[Dataset entries]
___

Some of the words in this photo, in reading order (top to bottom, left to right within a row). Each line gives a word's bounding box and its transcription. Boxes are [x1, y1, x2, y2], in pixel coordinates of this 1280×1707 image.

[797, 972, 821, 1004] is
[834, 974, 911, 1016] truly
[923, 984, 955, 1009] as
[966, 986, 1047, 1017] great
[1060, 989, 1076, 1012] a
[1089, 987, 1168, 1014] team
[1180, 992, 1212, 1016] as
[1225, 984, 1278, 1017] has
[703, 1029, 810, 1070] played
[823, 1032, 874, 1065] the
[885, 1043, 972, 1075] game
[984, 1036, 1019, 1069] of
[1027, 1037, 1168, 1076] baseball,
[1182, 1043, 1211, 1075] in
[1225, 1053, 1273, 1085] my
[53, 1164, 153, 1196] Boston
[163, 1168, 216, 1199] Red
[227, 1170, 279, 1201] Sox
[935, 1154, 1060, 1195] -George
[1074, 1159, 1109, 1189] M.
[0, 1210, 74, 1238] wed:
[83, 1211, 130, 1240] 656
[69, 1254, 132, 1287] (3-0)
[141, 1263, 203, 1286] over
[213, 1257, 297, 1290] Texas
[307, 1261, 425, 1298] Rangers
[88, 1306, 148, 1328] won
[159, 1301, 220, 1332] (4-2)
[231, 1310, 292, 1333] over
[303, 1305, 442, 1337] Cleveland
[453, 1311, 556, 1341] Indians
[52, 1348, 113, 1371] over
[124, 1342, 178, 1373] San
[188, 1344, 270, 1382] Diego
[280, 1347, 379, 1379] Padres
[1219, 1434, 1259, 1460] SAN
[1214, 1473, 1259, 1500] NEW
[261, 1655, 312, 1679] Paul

___

Work instructions:
Repeat each of the entries exactly as written.

Output for this exercise:
Some of the words in this photo, in reading order (top to bottom, left to right within a row). Each line gives a word's bounding box and its transcription. Boxes are [x1, y1, x2, y2], in pixel coordinates of this 1280×1707 image.

[797, 972, 821, 1004] is
[834, 974, 911, 1016] truly
[923, 984, 955, 1009] as
[966, 986, 1047, 1017] great
[1060, 989, 1076, 1012] a
[1089, 987, 1168, 1014] team
[1180, 992, 1212, 1016] as
[1225, 984, 1278, 1017] has
[703, 1029, 810, 1070] played
[823, 1032, 874, 1065] the
[885, 1043, 972, 1075] game
[984, 1036, 1019, 1069] of
[1027, 1037, 1168, 1076] baseball,
[1182, 1043, 1211, 1075] in
[1225, 1053, 1273, 1085] my
[53, 1164, 153, 1196] Boston
[163, 1168, 216, 1199] Red
[227, 1170, 279, 1201] Sox
[935, 1154, 1060, 1195] -George
[1074, 1159, 1109, 1189] M.
[0, 1210, 74, 1238] wed:
[83, 1211, 130, 1240] 656
[69, 1254, 132, 1287] (3-0)
[141, 1263, 203, 1286] over
[213, 1257, 297, 1290] Texas
[307, 1261, 425, 1298] Rangers
[88, 1306, 148, 1328] won
[159, 1301, 220, 1332] (4-2)
[231, 1310, 292, 1333] over
[303, 1305, 442, 1337] Cleveland
[453, 1311, 556, 1341] Indians
[52, 1348, 113, 1371] over
[124, 1342, 178, 1373] San
[188, 1344, 270, 1382] Diego
[280, 1347, 379, 1379] Padres
[1219, 1434, 1259, 1460] SAN
[1214, 1473, 1259, 1500] NEW
[261, 1655, 312, 1679] Paul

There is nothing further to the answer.